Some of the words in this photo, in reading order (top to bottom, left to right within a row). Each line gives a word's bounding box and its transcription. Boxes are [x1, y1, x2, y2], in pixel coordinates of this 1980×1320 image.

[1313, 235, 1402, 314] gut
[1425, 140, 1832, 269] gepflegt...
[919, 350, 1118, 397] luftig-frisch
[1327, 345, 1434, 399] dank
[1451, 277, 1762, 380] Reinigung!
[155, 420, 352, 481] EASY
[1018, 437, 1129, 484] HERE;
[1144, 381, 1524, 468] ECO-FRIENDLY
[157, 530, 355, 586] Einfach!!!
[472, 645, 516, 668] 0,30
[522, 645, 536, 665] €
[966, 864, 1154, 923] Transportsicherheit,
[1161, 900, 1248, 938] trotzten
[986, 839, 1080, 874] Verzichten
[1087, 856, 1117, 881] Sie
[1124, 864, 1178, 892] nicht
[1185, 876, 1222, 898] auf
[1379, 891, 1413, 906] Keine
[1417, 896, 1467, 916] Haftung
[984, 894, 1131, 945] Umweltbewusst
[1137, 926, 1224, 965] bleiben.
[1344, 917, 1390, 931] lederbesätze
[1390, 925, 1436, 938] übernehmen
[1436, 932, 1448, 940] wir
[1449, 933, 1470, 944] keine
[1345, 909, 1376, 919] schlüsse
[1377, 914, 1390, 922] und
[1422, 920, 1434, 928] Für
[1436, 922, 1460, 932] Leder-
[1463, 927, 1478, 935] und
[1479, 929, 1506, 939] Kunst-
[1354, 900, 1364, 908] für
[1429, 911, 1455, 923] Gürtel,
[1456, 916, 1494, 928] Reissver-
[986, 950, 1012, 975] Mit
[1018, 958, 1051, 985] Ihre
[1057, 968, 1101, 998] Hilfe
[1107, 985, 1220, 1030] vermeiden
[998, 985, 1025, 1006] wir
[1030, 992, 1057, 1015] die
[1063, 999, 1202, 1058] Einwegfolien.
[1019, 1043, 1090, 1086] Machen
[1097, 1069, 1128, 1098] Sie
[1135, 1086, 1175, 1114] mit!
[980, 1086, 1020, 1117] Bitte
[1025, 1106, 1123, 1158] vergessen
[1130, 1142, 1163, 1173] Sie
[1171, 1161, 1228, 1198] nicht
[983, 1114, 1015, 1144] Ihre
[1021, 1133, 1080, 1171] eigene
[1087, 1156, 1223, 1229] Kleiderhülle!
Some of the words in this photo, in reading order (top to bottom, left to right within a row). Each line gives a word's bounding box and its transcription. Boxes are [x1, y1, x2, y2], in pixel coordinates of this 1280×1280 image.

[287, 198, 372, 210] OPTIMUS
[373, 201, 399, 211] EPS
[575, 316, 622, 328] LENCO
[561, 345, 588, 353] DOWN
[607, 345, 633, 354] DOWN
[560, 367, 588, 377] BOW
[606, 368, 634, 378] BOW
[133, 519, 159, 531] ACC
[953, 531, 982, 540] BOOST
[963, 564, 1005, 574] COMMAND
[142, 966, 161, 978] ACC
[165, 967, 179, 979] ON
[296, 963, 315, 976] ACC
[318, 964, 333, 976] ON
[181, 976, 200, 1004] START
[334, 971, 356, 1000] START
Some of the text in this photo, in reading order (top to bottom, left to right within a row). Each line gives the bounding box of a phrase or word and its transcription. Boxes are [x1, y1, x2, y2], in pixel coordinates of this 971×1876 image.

+---+

(About this exercise):
In the answer, restate word for word each line from the one with "this 1280×1280 image." through the end of the material above.

(Written solution):
Some of the words in this photo, in reading order (top to bottom, left to right within a row). Each line gives a word's bounding box and its transcription. Boxes are [x1, y1, x2, y2], in pixel coordinates of this 1280×1280 image.

[287, 198, 372, 210] OPTIMUS
[373, 201, 399, 211] EPS
[575, 316, 622, 328] LENCO
[561, 345, 588, 353] DOWN
[607, 345, 633, 354] DOWN
[560, 367, 588, 377] BOW
[606, 368, 634, 378] BOW
[133, 519, 159, 531] ACC
[953, 531, 982, 540] BOOST
[963, 564, 1005, 574] COMMAND
[142, 966, 161, 978] ACC
[165, 967, 179, 979] ON
[296, 963, 315, 976] ACC
[318, 964, 333, 976] ON
[181, 976, 200, 1004] START
[334, 971, 356, 1000] START
Some of the text in this photo, in reading order (top to bottom, left to right within a row). Each line gives the bounding box of a phrase or word and its transcription. Boxes are [x1, y1, x2, y2], in pixel coordinates of this 971×1876 image.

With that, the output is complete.